According to Judge Carol Bagley Amon, the June 2017 lawsuit filed by former New York Attorney General Eric Schneiderman “failed to show” that 13 protesters “had the intent to harass, annoy, or alarm” patients, volunteers or companions supporting them, and doctors entering the clinic — although Amon noted in her ruling that “several of the defendants’ actions came close to crossing the line.”

Amon’s ruling predictably sparked controversy among pro-choice advocates, particularly doctors, patients, and volunteers who have long experienced harassment and intimidation tactics by anti-abortion protesters firsthand. And yet, the ruling was not an anomaly. In fact, threatening or invasive behaviors by protesters outside women’s health clinics are so prevalent that they gave rise to a support system known as clinic escorting, which entails volunteers putting their own safety on the line to accompany patients as they enter clinics.

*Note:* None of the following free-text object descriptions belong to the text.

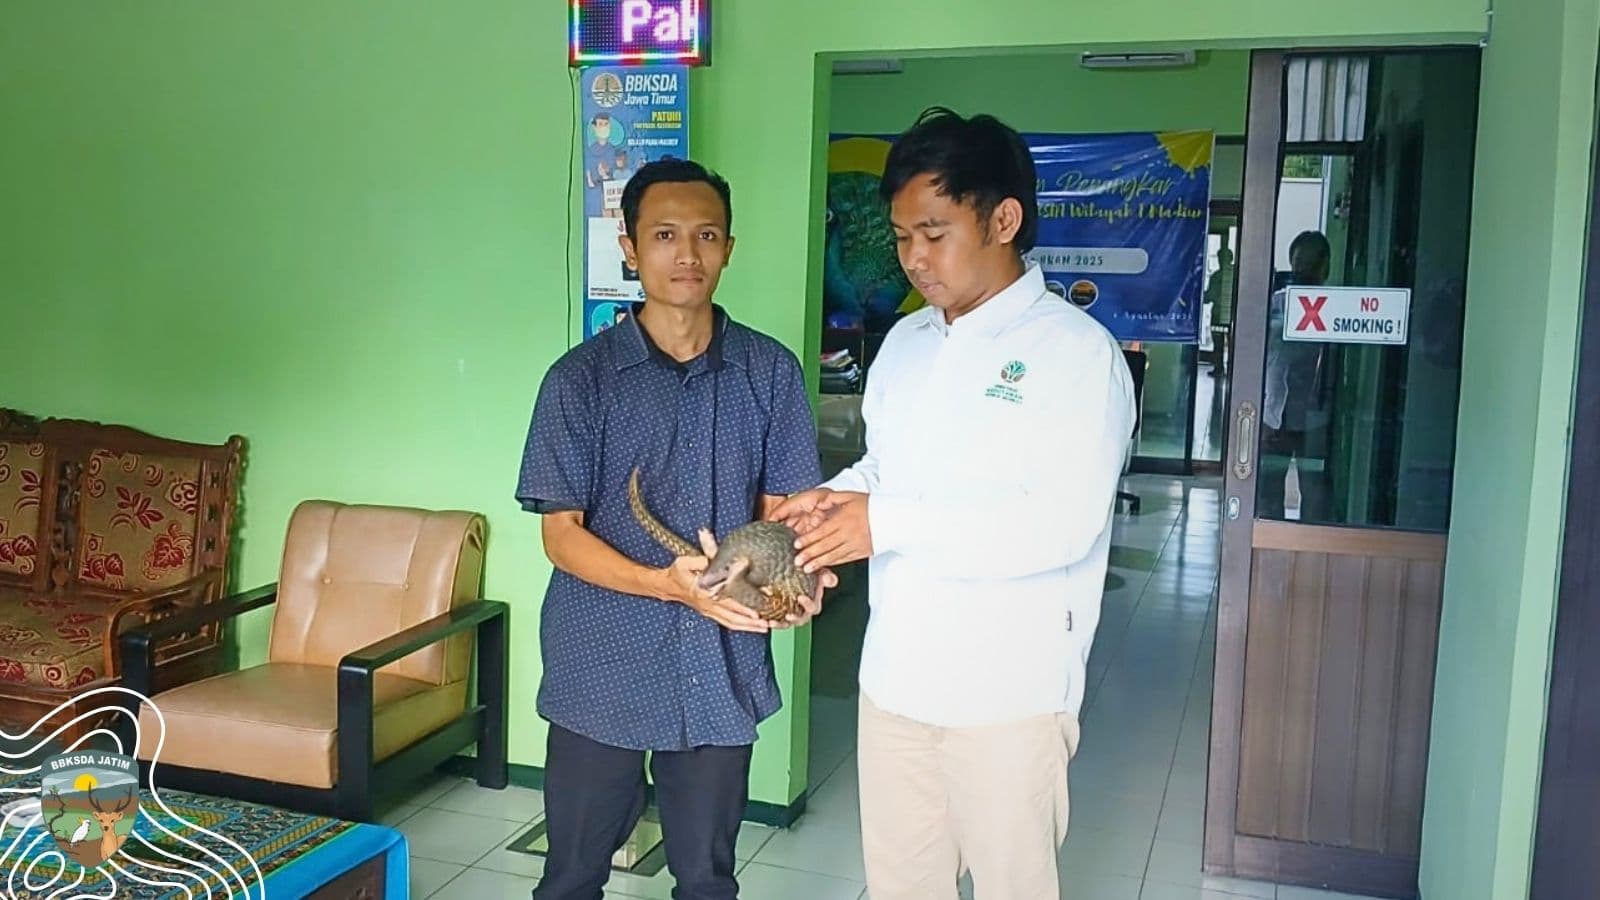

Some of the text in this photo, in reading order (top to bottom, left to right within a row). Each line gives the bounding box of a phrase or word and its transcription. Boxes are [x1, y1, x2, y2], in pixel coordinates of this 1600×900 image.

[625, 74, 678, 92] BBKSDA
[624, 92, 677, 106] Jawa Timur
[1075, 254, 1104, 266] 2025
[1360, 297, 1379, 312] NO
[1333, 317, 1393, 334] SMOKING

“the law of the state and protesters can almost work together against us.”

Clinic escorts provide support and a buffer zone between patients and protesters. They also stand outside clinics to de-escalate hostile situations that may arise between protesters and community members or companions of patients. Their brave work — and the forces that create the need for their work — remains too-frequently dismissed or erased altogether by court decisions and laws that often fail to adequately protect clinics from harassment, and even violence, in the first place.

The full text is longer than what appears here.